Eber Benjamin, do Sindicato de Mato Grosso do Sul, defendeu que a taxação das plataformas é tão importante quanto as pautas da taxação das grandes fortunas e dos bancos. Representante da região Centro-Oeste, ele lembrou da necessidade de recursos para a produção jornalística no contexto das queimadas do Pantanal e da importância do fomento público considerando a realidade do país com o desmonte da comunicação pública ilustrada pelo esvaziamento da EBC.

Paulo Zocchi, presidente do Sindicato de São Paulo e vice-presidente da Fenaj alertou que, no país, existe a particularidade de essas plataformas serem grandes empresas norte-americanas que entram sem barreiras para atuar e que não são consideradas empresas de comunicação. Zocchi explicou que o fundo que se propõe é tripartite e a Fenaj apresenta critérios para a distribuição desses recursos, que o momento é de debater com jornalistas, com entidades do jornalismo e com a sociedade.

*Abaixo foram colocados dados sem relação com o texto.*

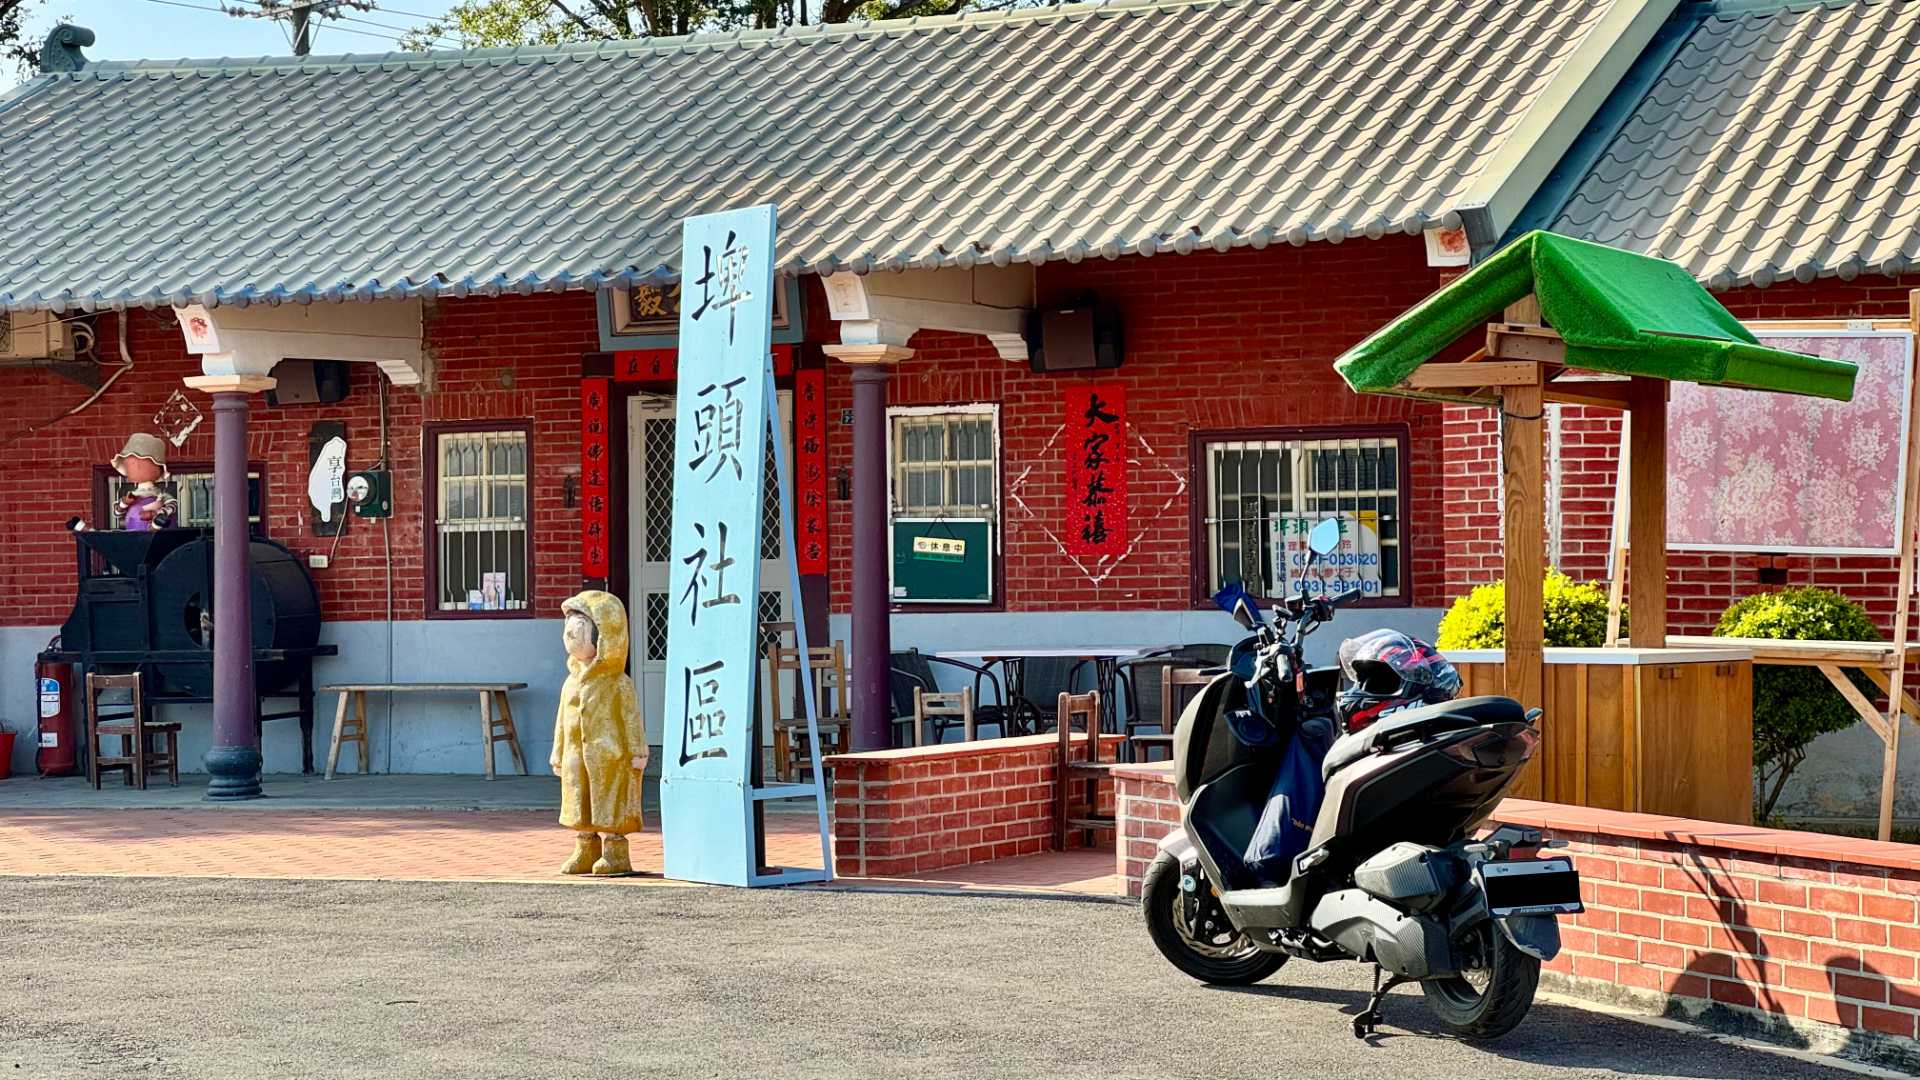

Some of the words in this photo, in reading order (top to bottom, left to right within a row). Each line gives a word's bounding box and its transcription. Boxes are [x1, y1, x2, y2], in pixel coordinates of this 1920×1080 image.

A jornalista Katia Marko, do Sindicato do Rio Grande do Sul, encerrou as intervenções dos convidados saudando a Fenaj por fazer história com o manifesto e a apresentação da proposta. Recordou a atuação de vanguarda da Federação na defesa da democratização da comunicação no país, à frente dessa luta e atuando na criação do FNDC. Disse que o debate de taxar as plataformas se apresenta com a força que ele merece e os sindicatos estarão atuando nas regiões do país para promover o diálogo com a categoria dos jornalistas e com a sociedade.

A mediação do ato virtual foi promovida pela secretária-geral da Fenaj, Beth Costa, e no encerramento a presidenta Maria José Braga afirmou que o debate e o apoio da sociedade são necessários para que a proposta chegue com força para aprovação no Congresso Nacional.